*YOUR ASSIGNMENT*.
From the line with "Some of the words" to the final line, print the records exactly as they are.

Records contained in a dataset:
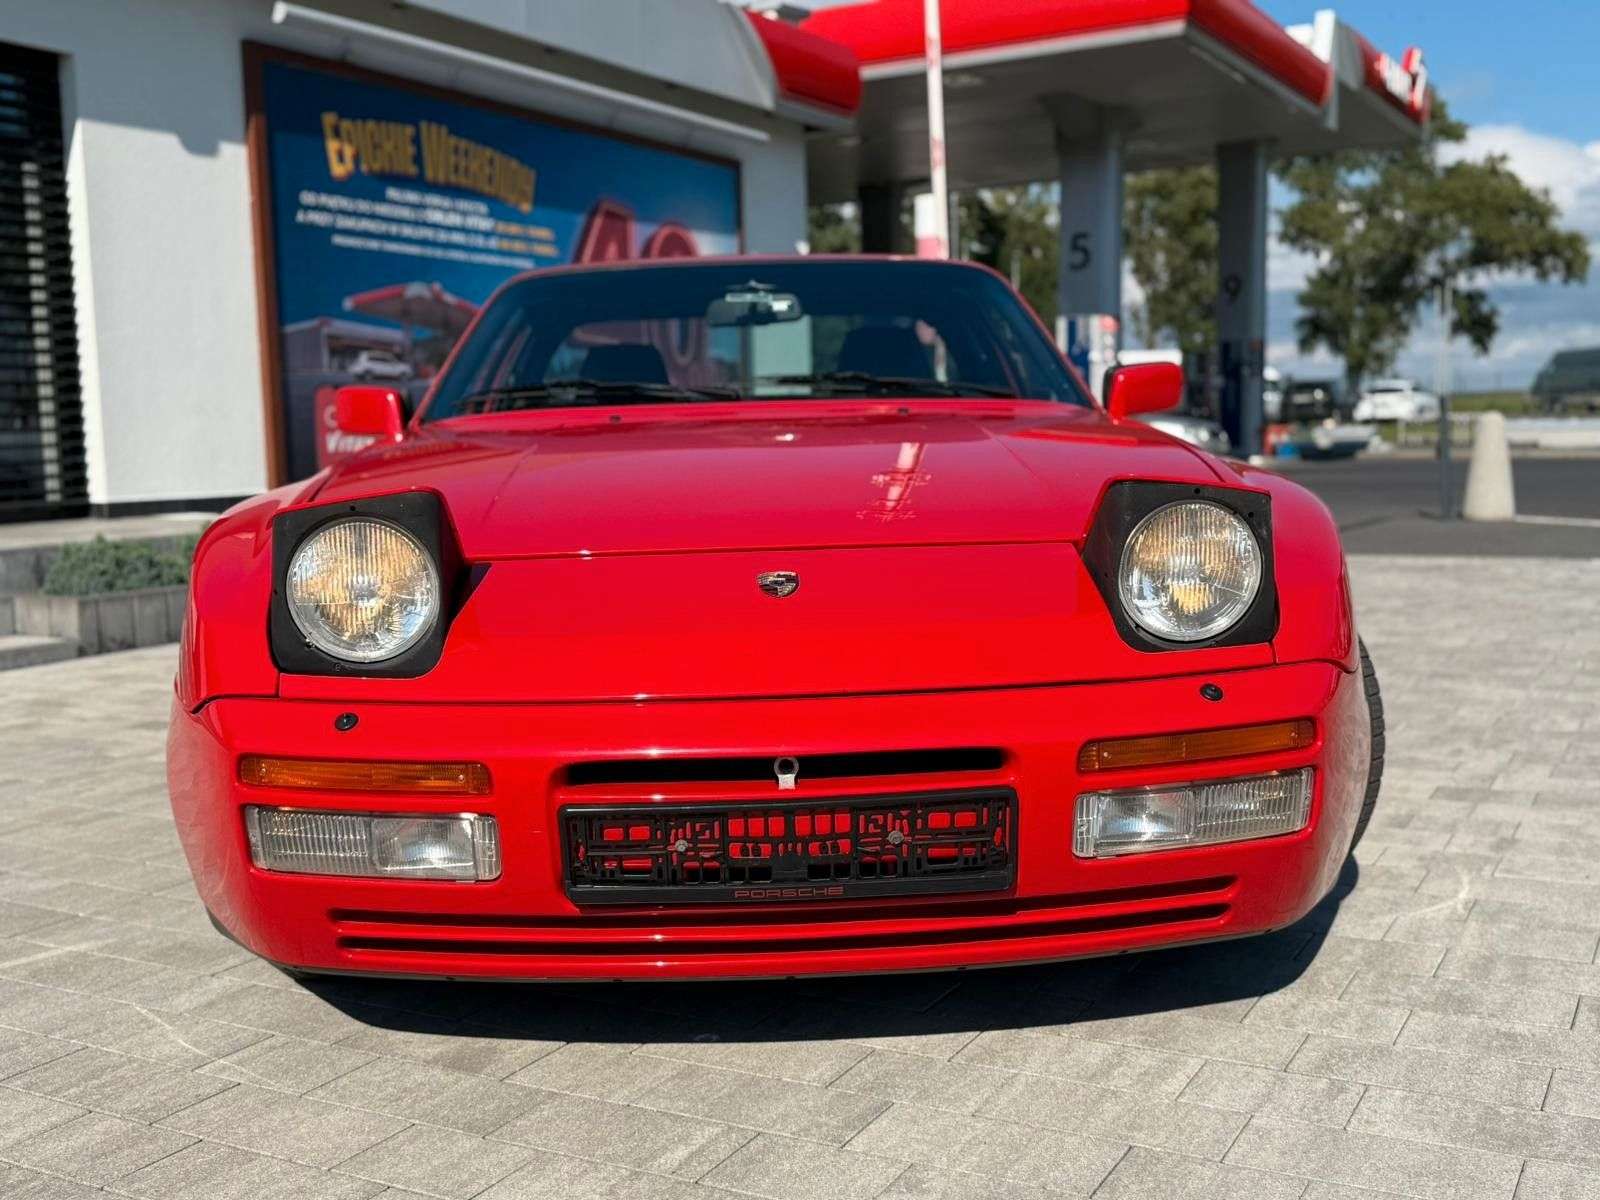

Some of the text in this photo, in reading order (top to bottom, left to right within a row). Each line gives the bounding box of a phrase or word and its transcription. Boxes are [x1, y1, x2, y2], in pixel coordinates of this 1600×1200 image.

[1069, 231, 1091, 271] 5
[1224, 274, 1242, 303] 9
[734, 886, 845, 899] PORSCHE
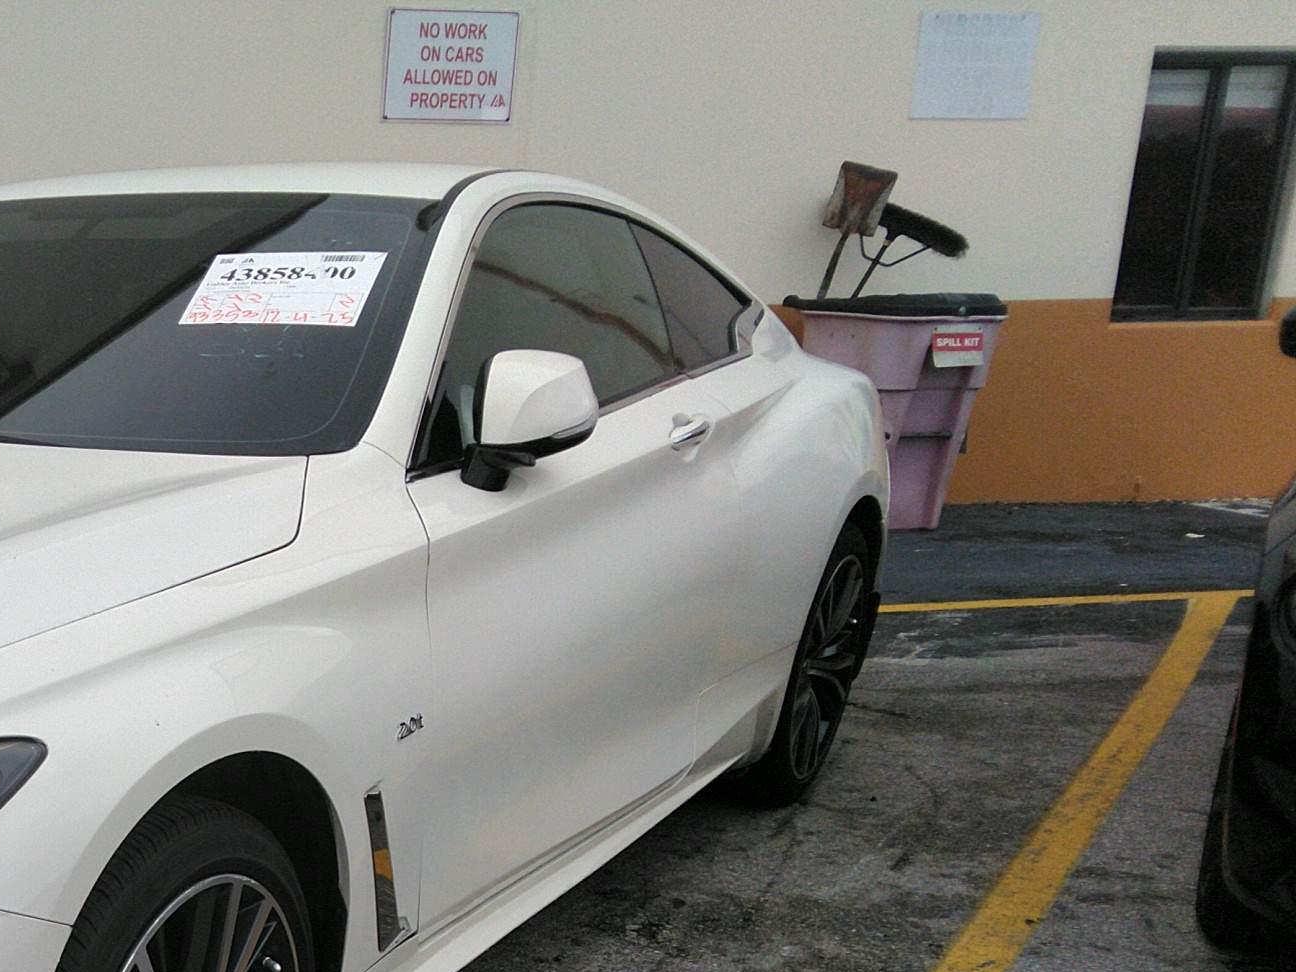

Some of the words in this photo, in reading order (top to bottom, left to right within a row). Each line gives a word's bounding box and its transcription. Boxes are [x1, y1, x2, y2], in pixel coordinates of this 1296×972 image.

[419, 22, 440, 38] NO
[445, 23, 488, 39] WORK
[420, 45, 440, 62] ON
[445, 46, 484, 63] CARS
[403, 69, 473, 86] ALLOWED
[477, 70, 497, 86] ON
[410, 92, 485, 109] PROPERTY
[936, 337, 962, 347] SPILL
[964, 337, 980, 346] KIT

*ANSWER FOR THIS EXERCISE*.
Some of the words in this photo, in reading order (top to bottom, left to right within a row). Each line gives a word's bounding box and its transcription. Boxes are [x1, y1, x2, y2], in pixel coordinates of this 1296×972 image.

[419, 22, 440, 38] NO
[445, 23, 488, 39] WORK
[420, 45, 440, 62] ON
[445, 46, 484, 63] CARS
[403, 69, 473, 86] ALLOWED
[477, 70, 497, 86] ON
[410, 92, 485, 109] PROPERTY
[936, 337, 962, 347] SPILL
[964, 337, 980, 346] KIT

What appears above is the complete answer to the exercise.